The One Thing Every Manager Should Do

When I was a middle schooler, my math teacher had a pretty awesome program. Top-performing students could tutor classmates or kids from a lower grade. They could do it before or after school for about 45 minutes, twice a week, and the tutors would earn $3/session from the tutored.

bad-mathI tutored throughout my seventh and eighth grade years, but one experience has always stood out from the others.

His name was Adam. He was a grade behind me – I was in 7th grade, he was in 6th – and was doing rather poorly in math. (He was also underachieving in other courses, as I came to learn later.)

From the moment I started working with him, my approach was simple.

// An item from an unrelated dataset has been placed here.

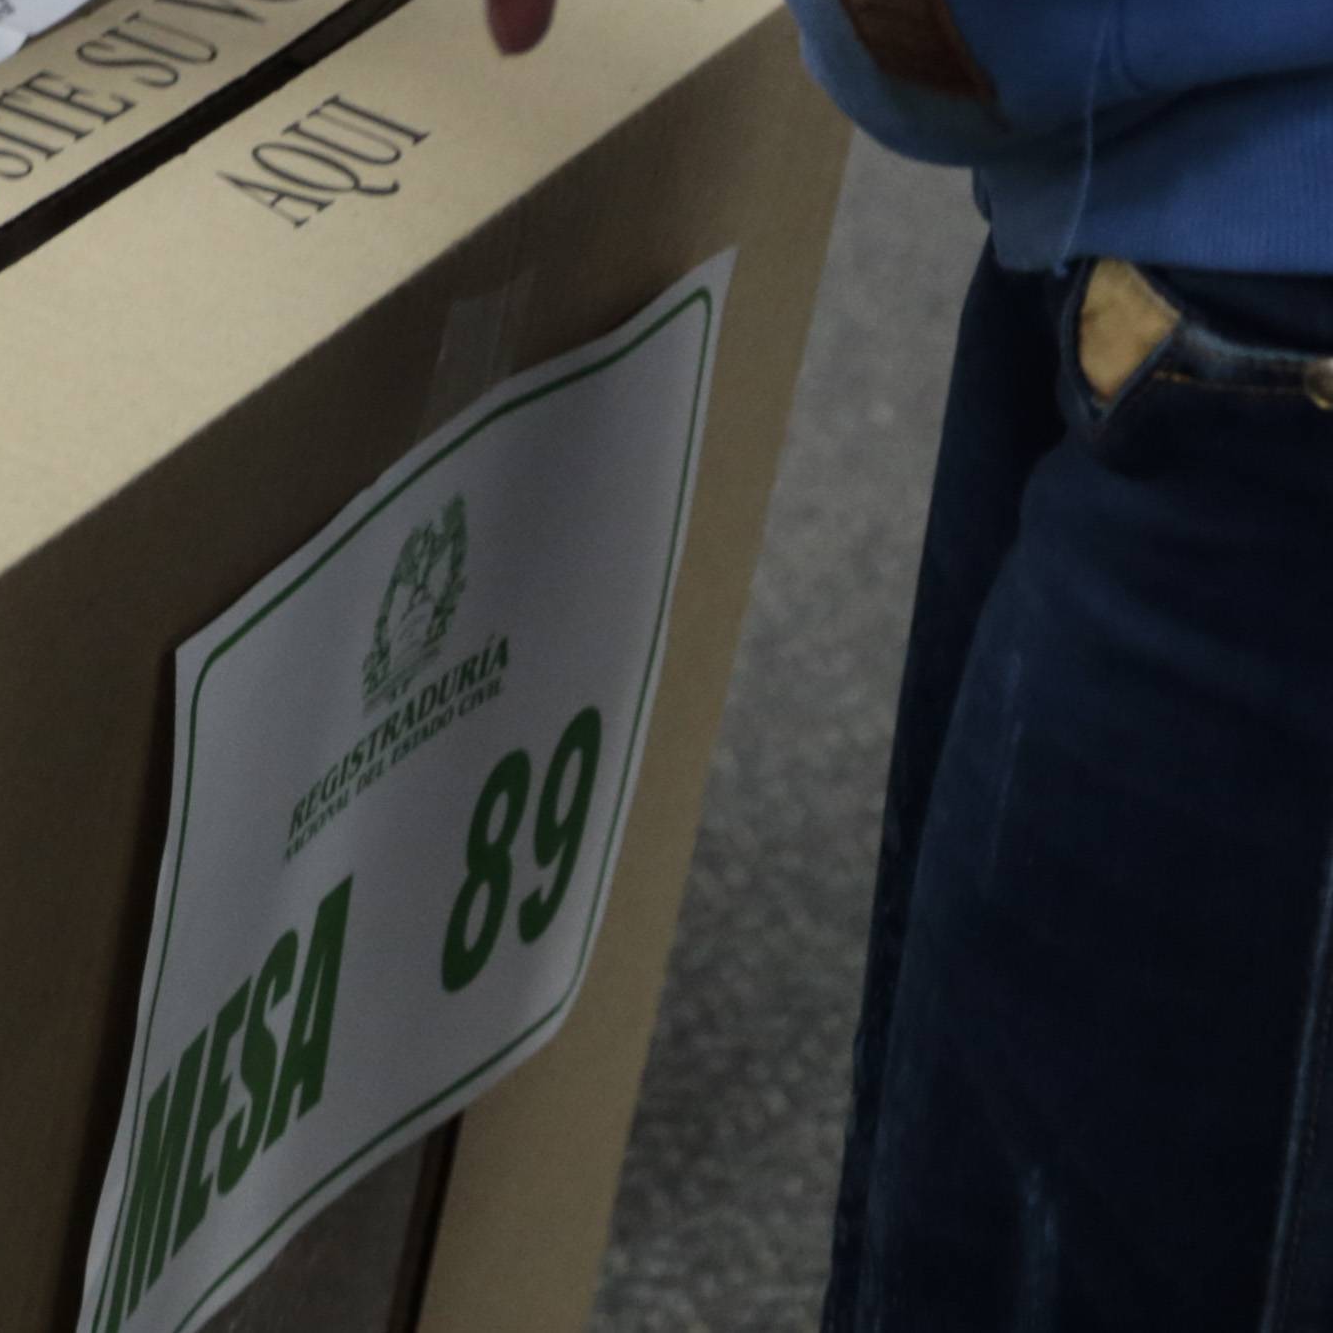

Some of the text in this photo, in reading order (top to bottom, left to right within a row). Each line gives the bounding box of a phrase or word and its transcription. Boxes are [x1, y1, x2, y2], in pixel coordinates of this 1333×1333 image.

  • Go over anything he received that was graded. Look at the mistakes, and fix them together using knowledge from the textbook and from problems he correctly did on earlier homework, quizzes, or tests.
  • Don’t give away any answers.
  • Don’t allow mindless guessing. (I thank my parents for this one — my mom always harped on us, “Stop guessing!” when my brother and I would throw out random answers without thinking.)
  • Don’t belittle him. He’s having a hard time enough as it is. Be supportive.
  • Guide him to making the right decisions. Help him develop the conceptual understanding so that his thinking processes are better down the line.

You get the idea. I mean, this was a kid who was regularly getting C’s and D’s in math. That doesn’t exactly build confidence. A patient approach was essential. So was a selectively hands-on or -off direction of his work — which, I’ll admit, took a little bit of time to gauge. 

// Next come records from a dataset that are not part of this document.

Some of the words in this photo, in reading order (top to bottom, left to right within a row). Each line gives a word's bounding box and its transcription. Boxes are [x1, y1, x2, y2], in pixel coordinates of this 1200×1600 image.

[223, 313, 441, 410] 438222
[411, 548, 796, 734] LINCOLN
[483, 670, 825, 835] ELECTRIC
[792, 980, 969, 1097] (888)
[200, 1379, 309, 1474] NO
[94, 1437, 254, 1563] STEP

As the weeks went on, everything started to get better. The C’s and D’s were becoming B’s and C’s. I saw fewer red marks on his quizzes and tests, but the effect was more pronounced on his homework.

With some time, those B’s and C’s were becoming A’s and B’s. There were more B’s than A’s, but hey… considering where he’d been, that’s a huge improvement.

I also noticed that I didn’t need to intervene quite as much to correct a procedural error. I didn’t need to jump in and tell him he FOIL’ed wrong – after a couple of lines, or at the end of the problem, he’d see his own mistake and fix it. (That was another thing we did — look over every problem after finishing it to check for errors.)

I don’t remember exactly when this next bit happened, but for as long as I live, I’ll never forget it.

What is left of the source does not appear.